WHAT YOU ARE ASKED TO DO:
Repeat the records exactly as given. Do not include the pictures.

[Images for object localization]
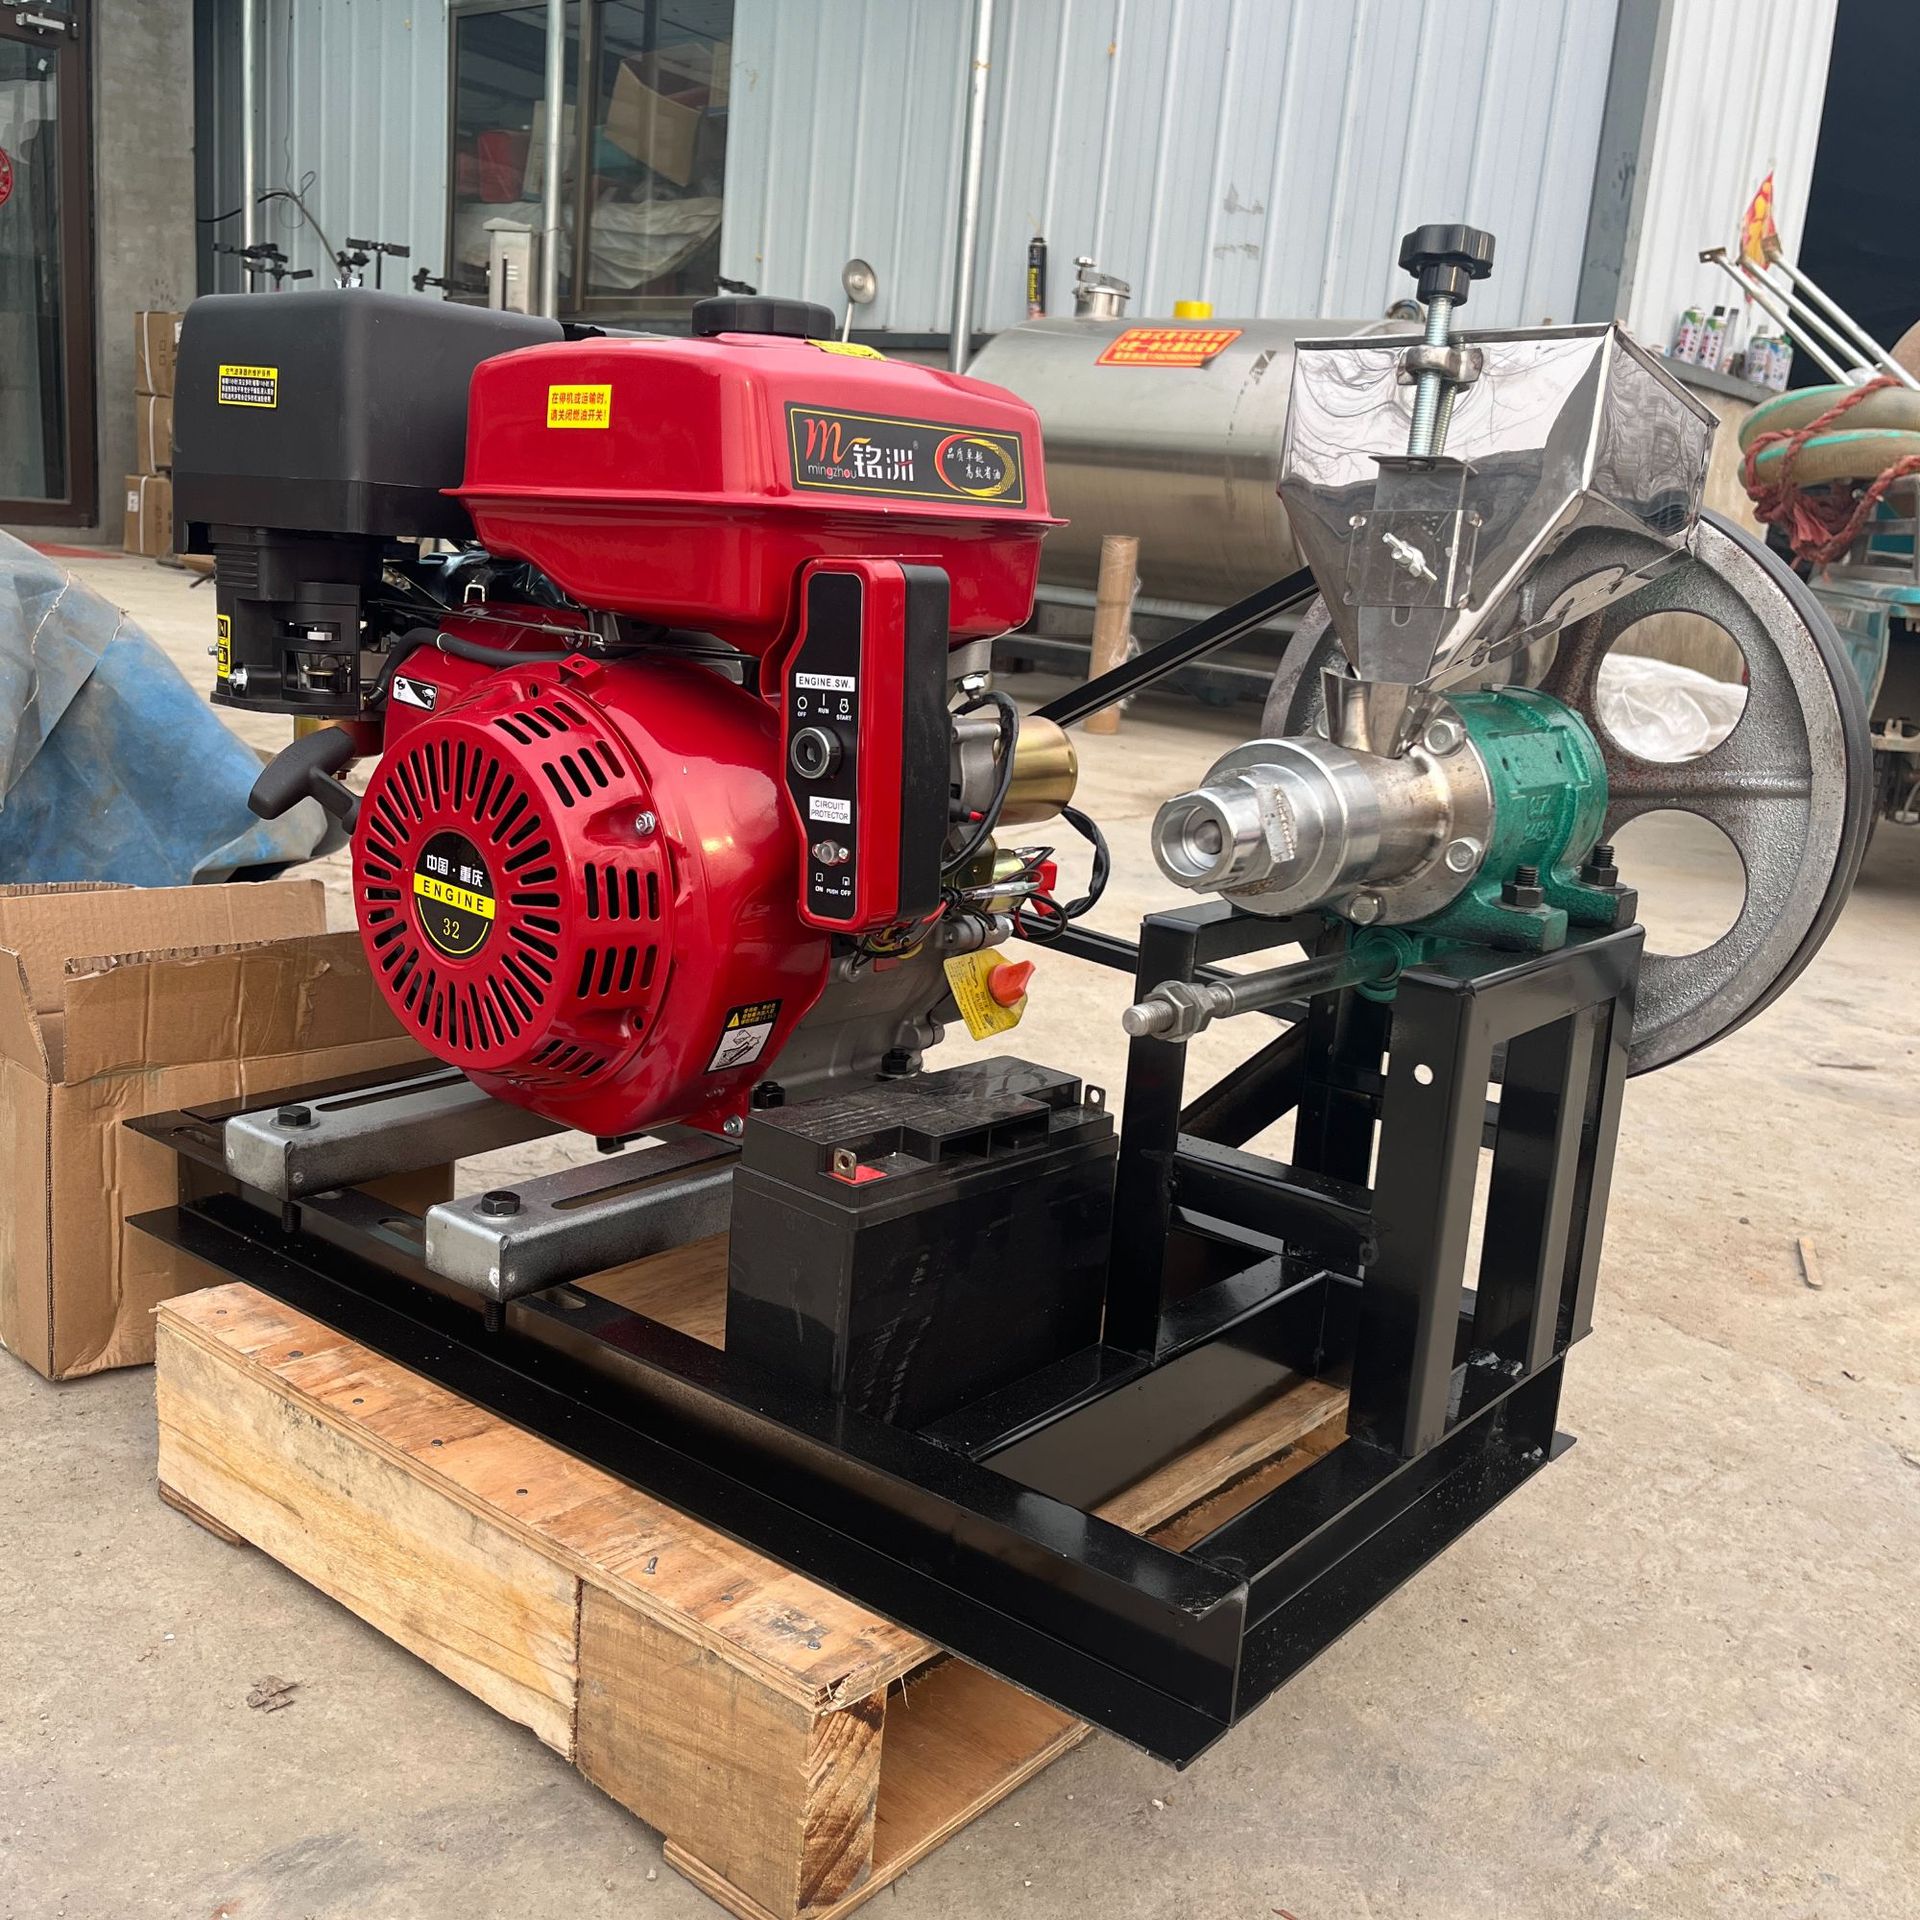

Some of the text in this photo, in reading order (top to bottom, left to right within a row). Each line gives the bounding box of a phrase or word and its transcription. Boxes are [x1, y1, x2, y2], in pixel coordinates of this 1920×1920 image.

[808, 463, 857, 479] mingzhou
[853, 443, 914, 481] 铭洲
[811, 809, 849, 820] PROTECTOR
[815, 800, 844, 810] CIRCUIT
[423, 880, 484, 912] ENGINE
[443, 917, 460, 940] 32

RESPONSE BOX:
Some of the text in this photo, in reading order (top to bottom, left to right within a row). Each line gives the bounding box of a phrase or word and its transcription. Boxes are [x1, y1, x2, y2], in pixel coordinates of this 1920×1920 image.

[808, 463, 857, 479] mingzhou
[853, 443, 914, 481] 铭洲
[811, 809, 849, 820] PROTECTOR
[815, 800, 844, 810] CIRCUIT
[423, 880, 484, 912] ENGINE
[443, 917, 460, 940] 32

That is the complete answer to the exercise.